BEGIN Available records
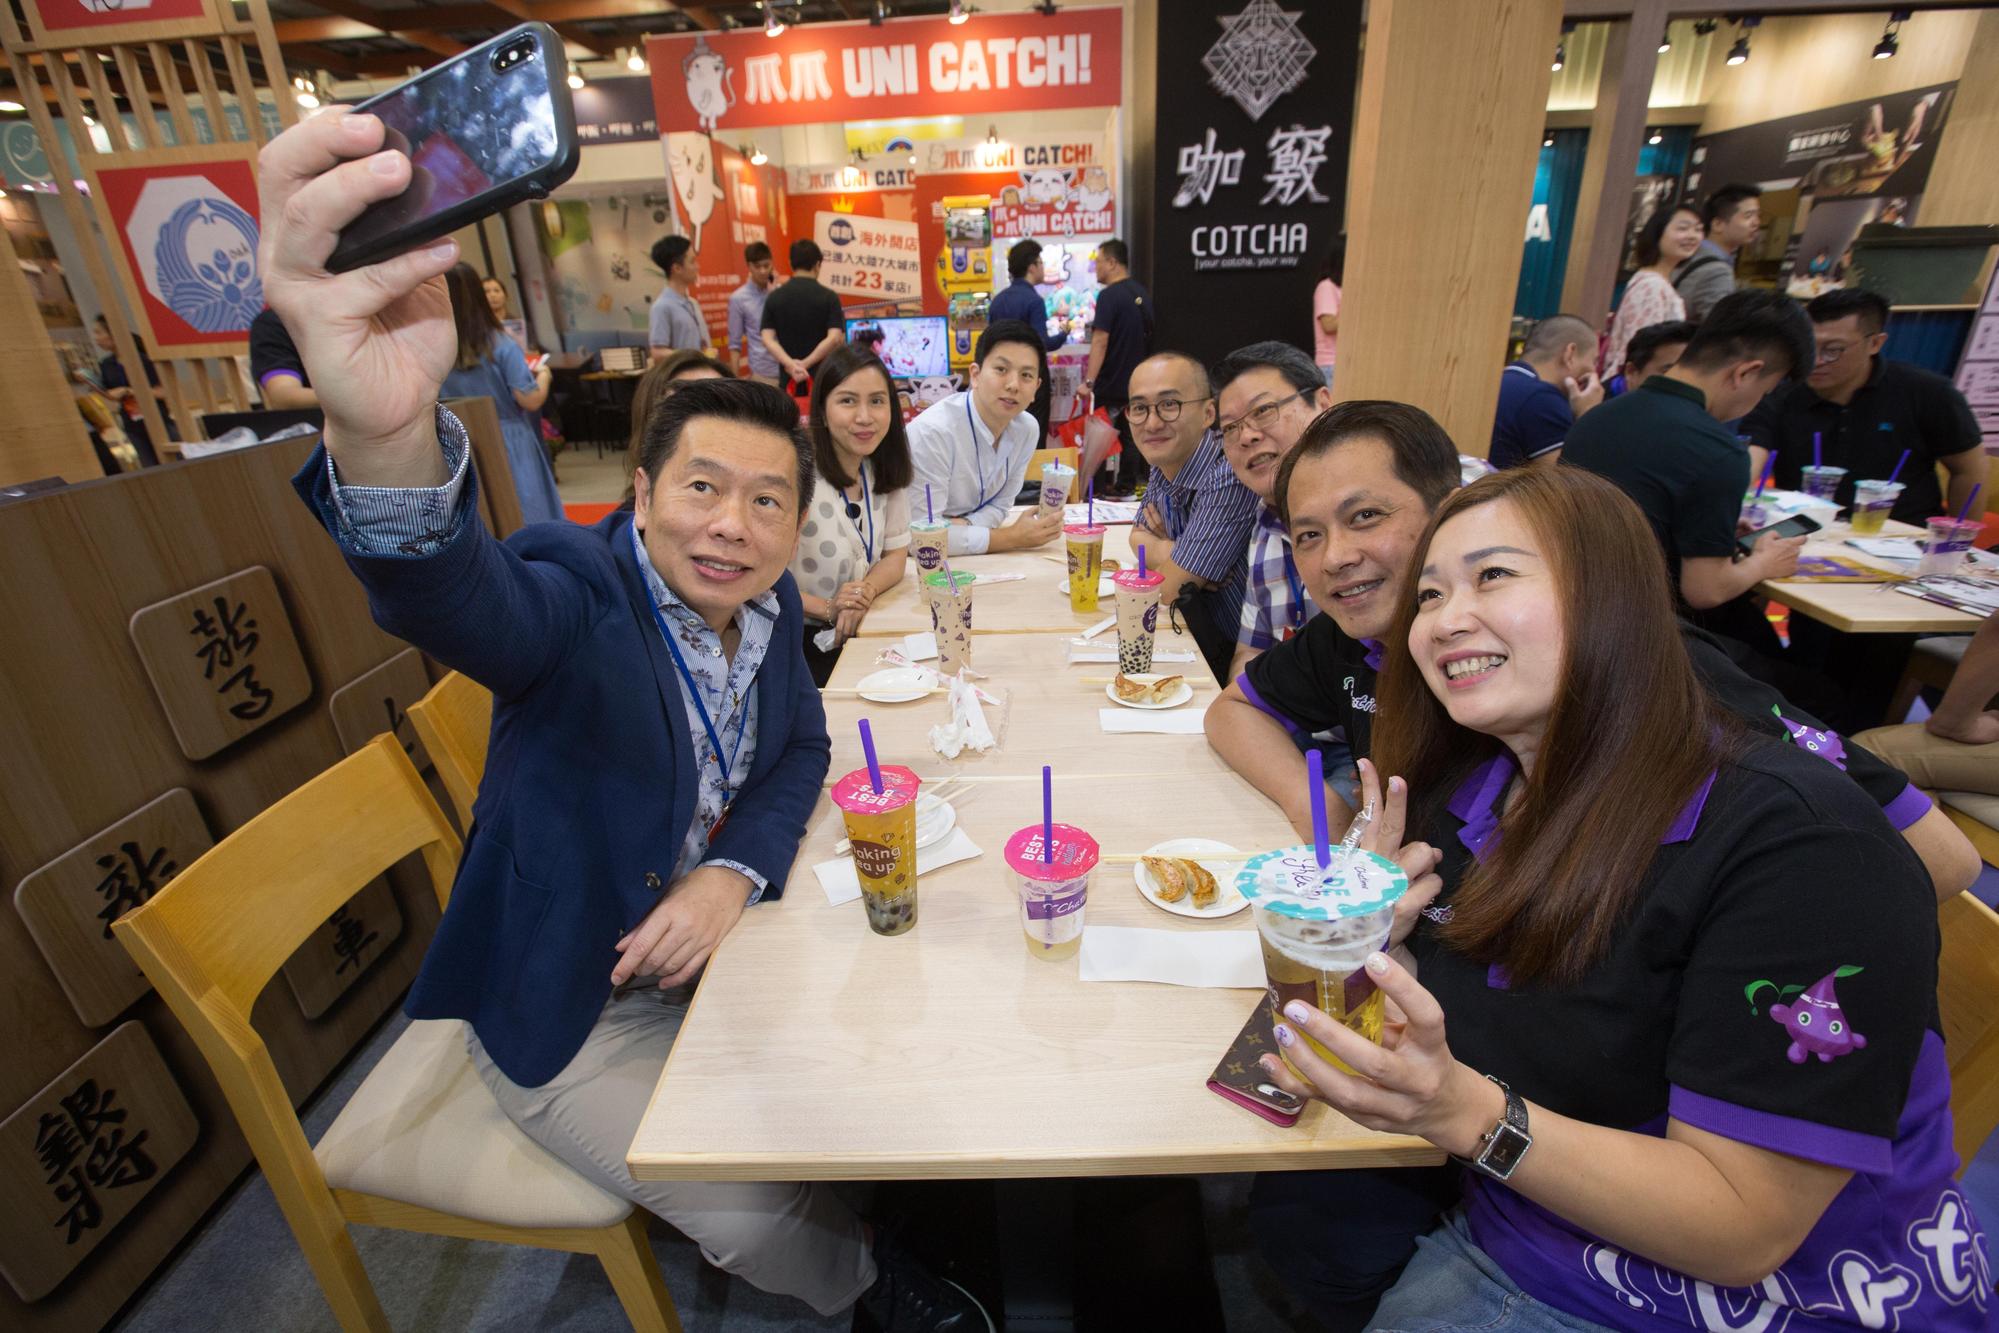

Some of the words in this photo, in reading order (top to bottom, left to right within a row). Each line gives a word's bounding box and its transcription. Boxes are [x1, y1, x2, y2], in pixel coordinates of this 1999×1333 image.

[841, 44, 919, 97] UNI
[928, 33, 1092, 93] CATCH!
[1024, 143, 1093, 166] CATCH!
[1018, 212, 1047, 233] UNI
[1050, 210, 1112, 233] CATCH!
[859, 231, 918, 251] 海外開店
[1191, 222, 1308, 256] COTCHA
[848, 791, 888, 806] BEST
[1021, 834, 1045, 861] BEST
[877, 862, 896, 874] up
END Available records
- [Task to complete] Your answer must be an exact copy of every entry, with no pictures in it.

- [Written solution]
Some of the words in this photo, in reading order (top to bottom, left to right within a row). Each line gives a word's bounding box and its transcription. Boxes are [x1, y1, x2, y2], in pixel coordinates of this 1999×1333 image.

[841, 44, 919, 97] UNI
[928, 33, 1092, 93] CATCH!
[1024, 143, 1093, 166] CATCH!
[1018, 212, 1047, 233] UNI
[1050, 210, 1112, 233] CATCH!
[859, 231, 918, 251] 海外開店
[1191, 222, 1308, 256] COTCHA
[848, 791, 888, 806] BEST
[1021, 834, 1045, 861] BEST
[877, 862, 896, 874] up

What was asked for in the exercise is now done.